• Free-text object descriptions:
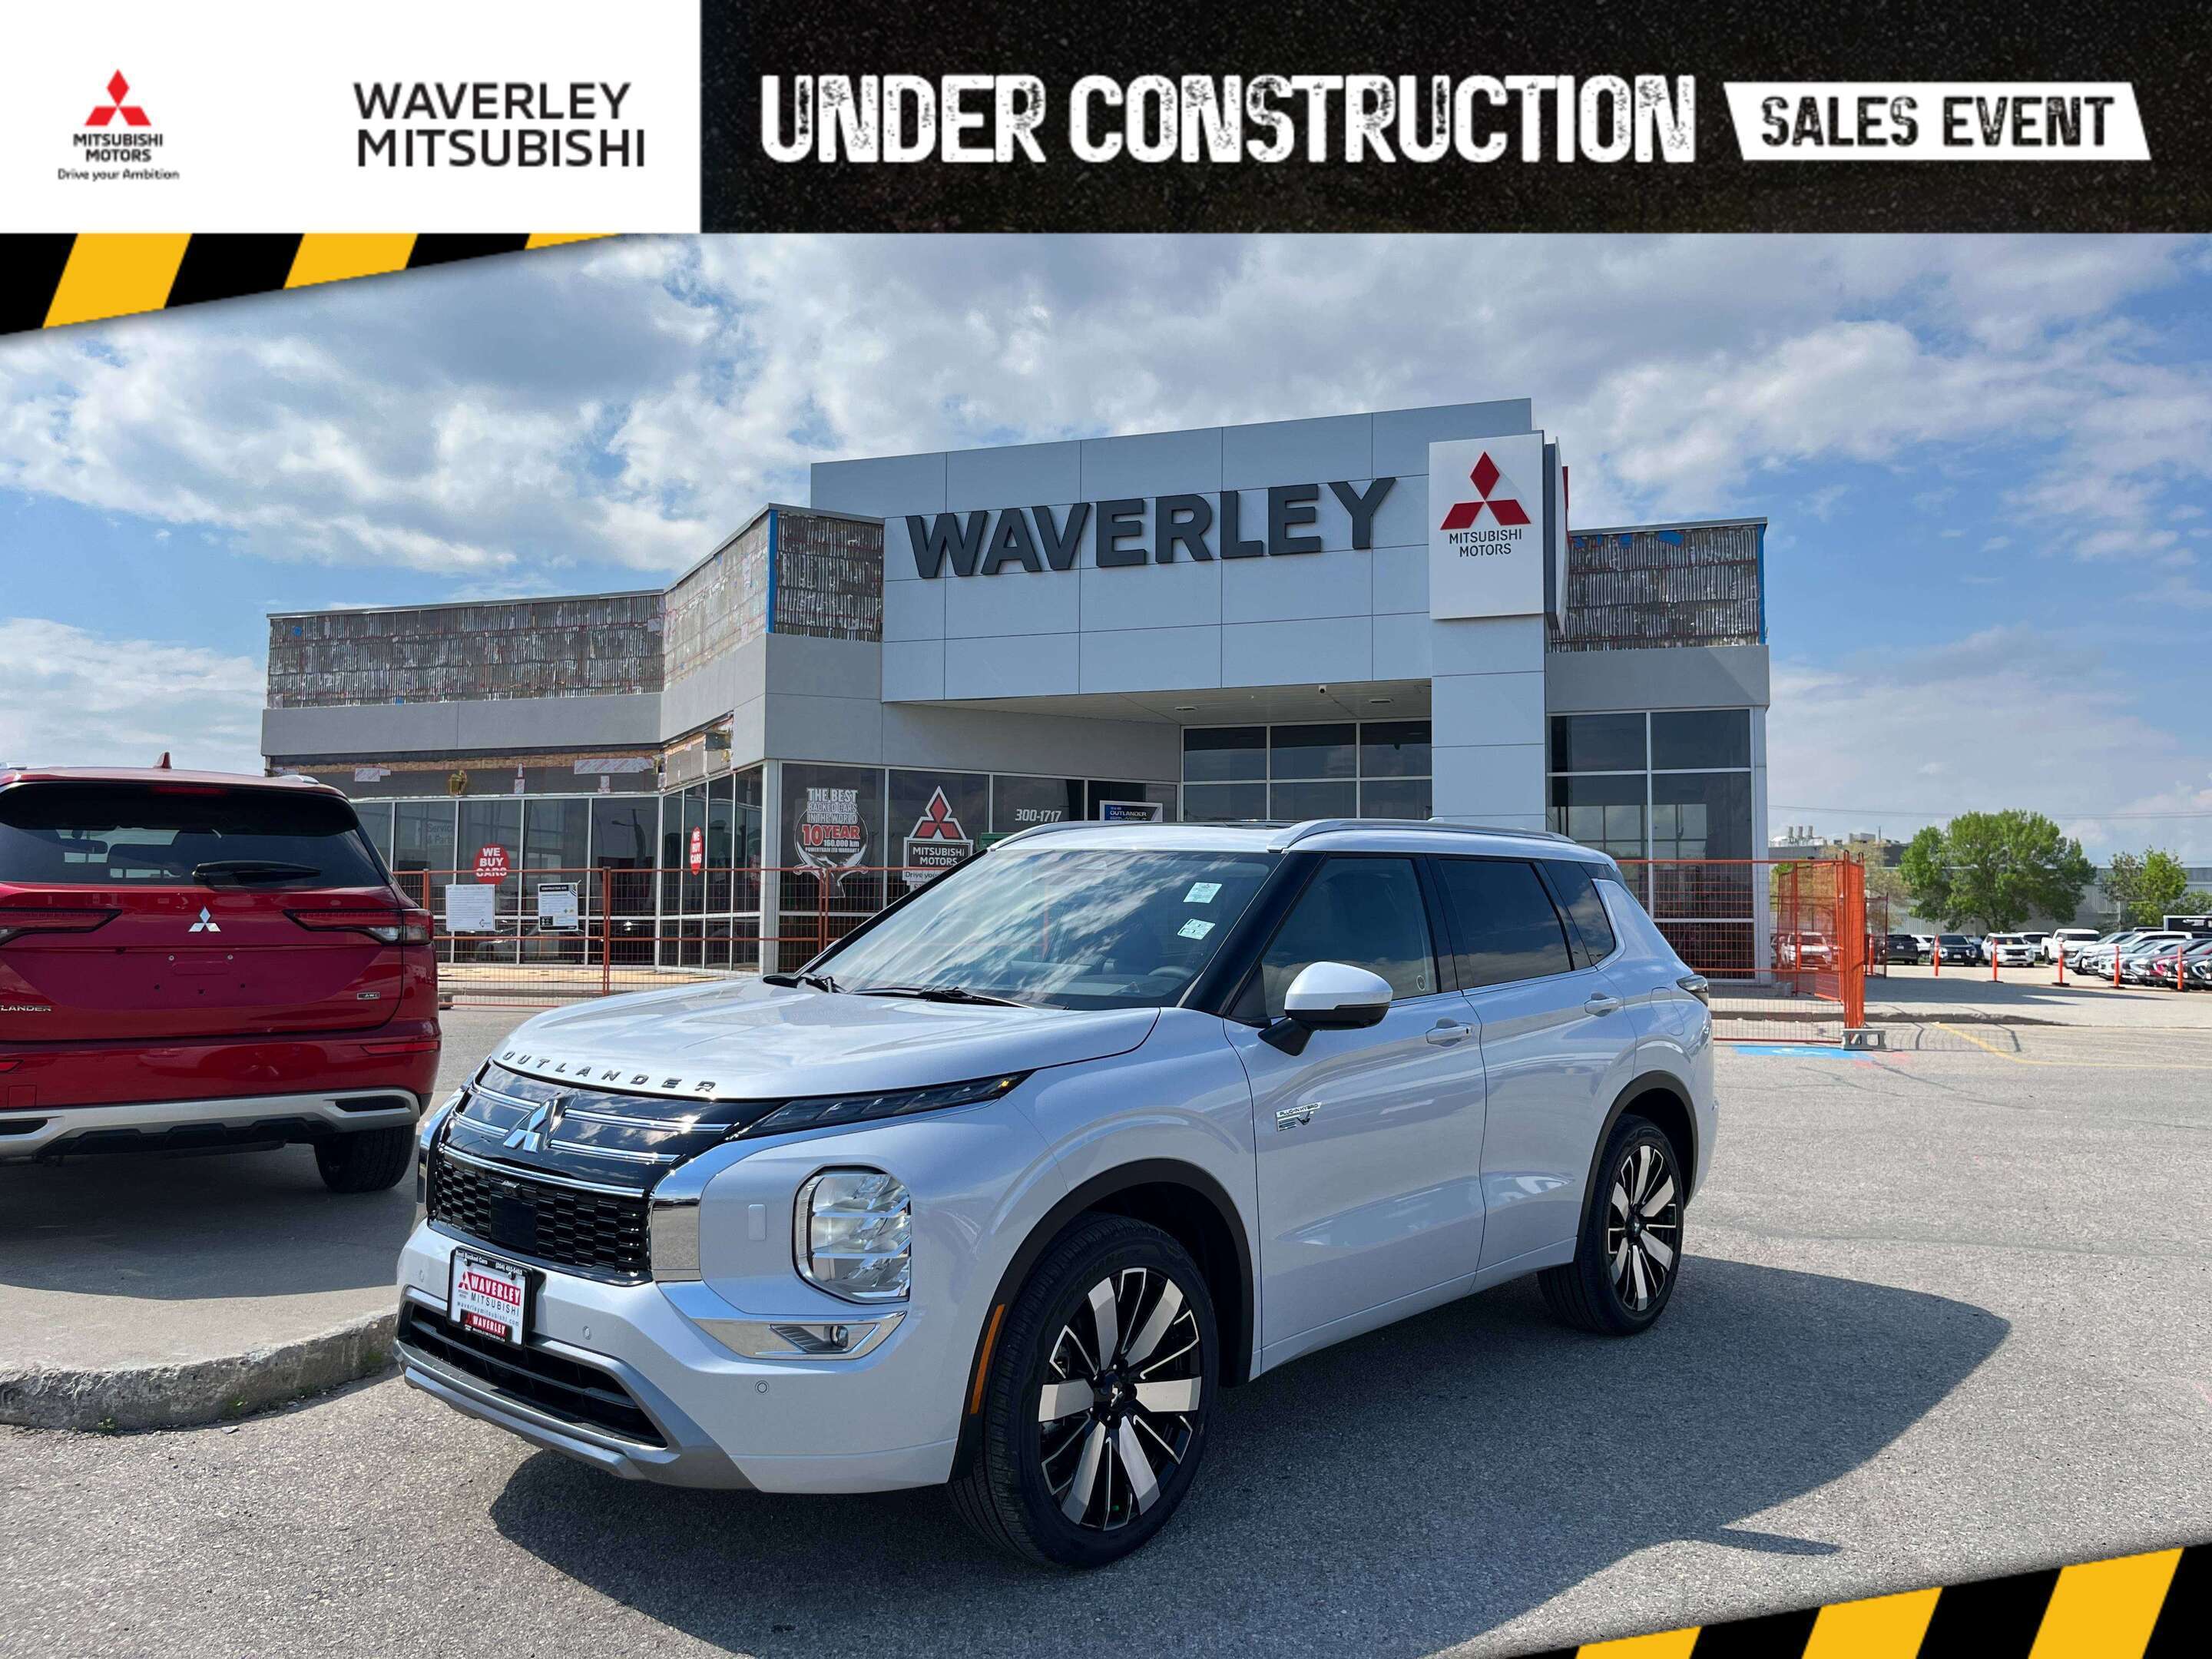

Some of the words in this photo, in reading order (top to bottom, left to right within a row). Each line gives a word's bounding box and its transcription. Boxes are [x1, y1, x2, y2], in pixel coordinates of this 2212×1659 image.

[906, 477, 1396, 579] WAVERLEY
[1449, 528, 1522, 545] MITSUBISHI
[1459, 543, 1512, 558] MOTORS
[807, 788, 828, 802] THE
[830, 790, 858, 803] BEST
[808, 802, 836, 813] BACKED
[837, 803, 858, 813] CARS
[807, 813, 816, 823] IN
[816, 813, 830, 823] THE
[830, 813, 858, 824] WORLD
[1015, 808, 1062, 823] 300-1717
[802, 824, 824, 846] 10
[822, 825, 860, 839] YEAR
[482, 847, 501, 857] WE
[912, 846, 965, 856] MITSUBISHI
[479, 857, 504, 867] BUY
[919, 856, 958, 866] MOTORS
[475, 867, 508, 876] CARS
[502, 1050, 717, 1093] OUTLANDER
[471, 1274, 521, 1304] WAVERLEY
[471, 1292, 520, 1317] MITSUBISHI
[472, 1314, 506, 1334] WAVERLEY
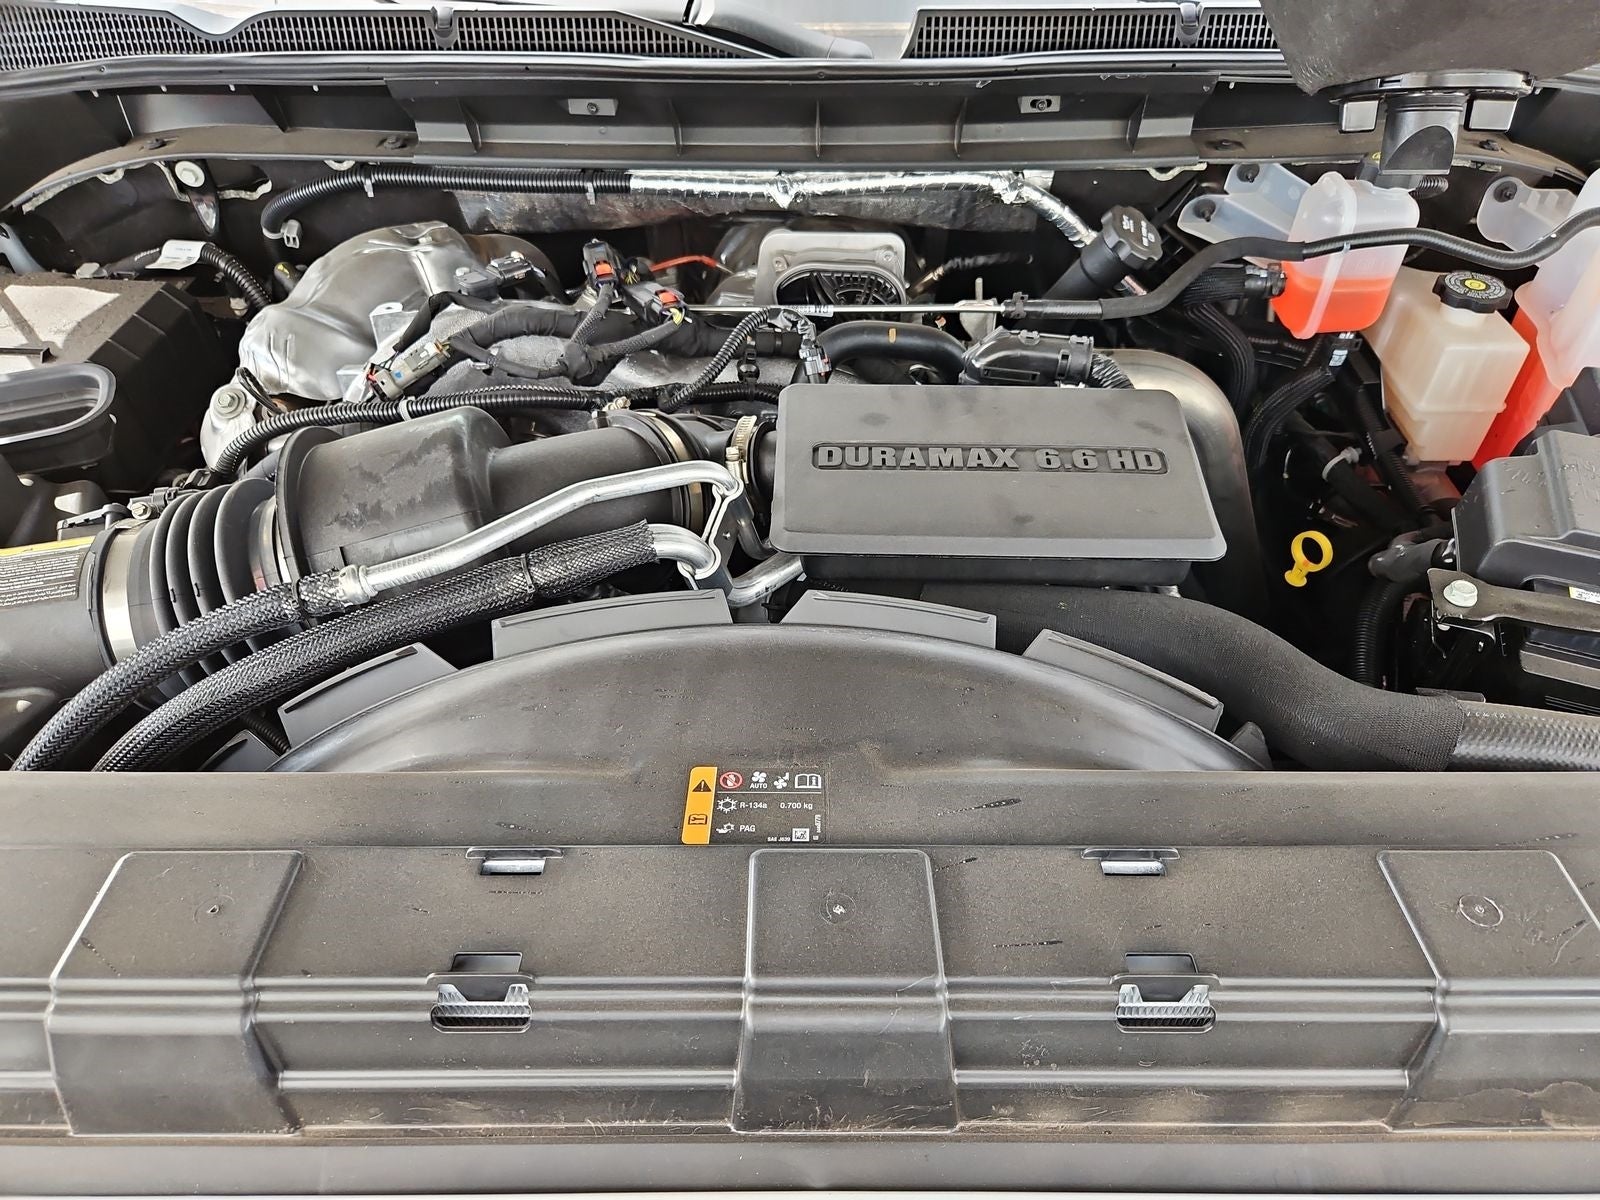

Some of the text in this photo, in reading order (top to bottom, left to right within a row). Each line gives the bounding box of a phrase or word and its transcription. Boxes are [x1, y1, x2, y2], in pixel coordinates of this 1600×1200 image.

• ASSIGNED TASK: Write out the records once more, word for word, though without the pictures they contain.

• WORKED SOLUTION:
Some of the words in this photo, in reading order (top to bottom, left to right within a row). Each line gives a word's bounding box and its transcription. Boxes are [x1, y1, x2, y2], in pixel coordinates of this 2212×1659 image.

[906, 477, 1396, 579] WAVERLEY
[1449, 528, 1522, 545] MITSUBISHI
[1459, 543, 1512, 558] MOTORS
[807, 788, 828, 802] THE
[830, 790, 858, 803] BEST
[808, 802, 836, 813] BACKED
[837, 803, 858, 813] CARS
[807, 813, 816, 823] IN
[816, 813, 830, 823] THE
[830, 813, 858, 824] WORLD
[1015, 808, 1062, 823] 300-1717
[802, 824, 824, 846] 10
[822, 825, 860, 839] YEAR
[482, 847, 501, 857] WE
[912, 846, 965, 856] MITSUBISHI
[479, 857, 504, 867] BUY
[919, 856, 958, 866] MOTORS
[475, 867, 508, 876] CARS
[502, 1050, 717, 1093] OUTLANDER
[471, 1274, 521, 1304] WAVERLEY
[471, 1292, 520, 1317] MITSUBISHI
[472, 1314, 506, 1334] WAVERLEY

Some of the text in this photo, in reading order (top to bottom, left to right within a row). Each line gives the bounding box of a phrase or word and its transcription. Boxes are [x1, y1, x2, y2], in pixel coordinates of this 1600×1200 image.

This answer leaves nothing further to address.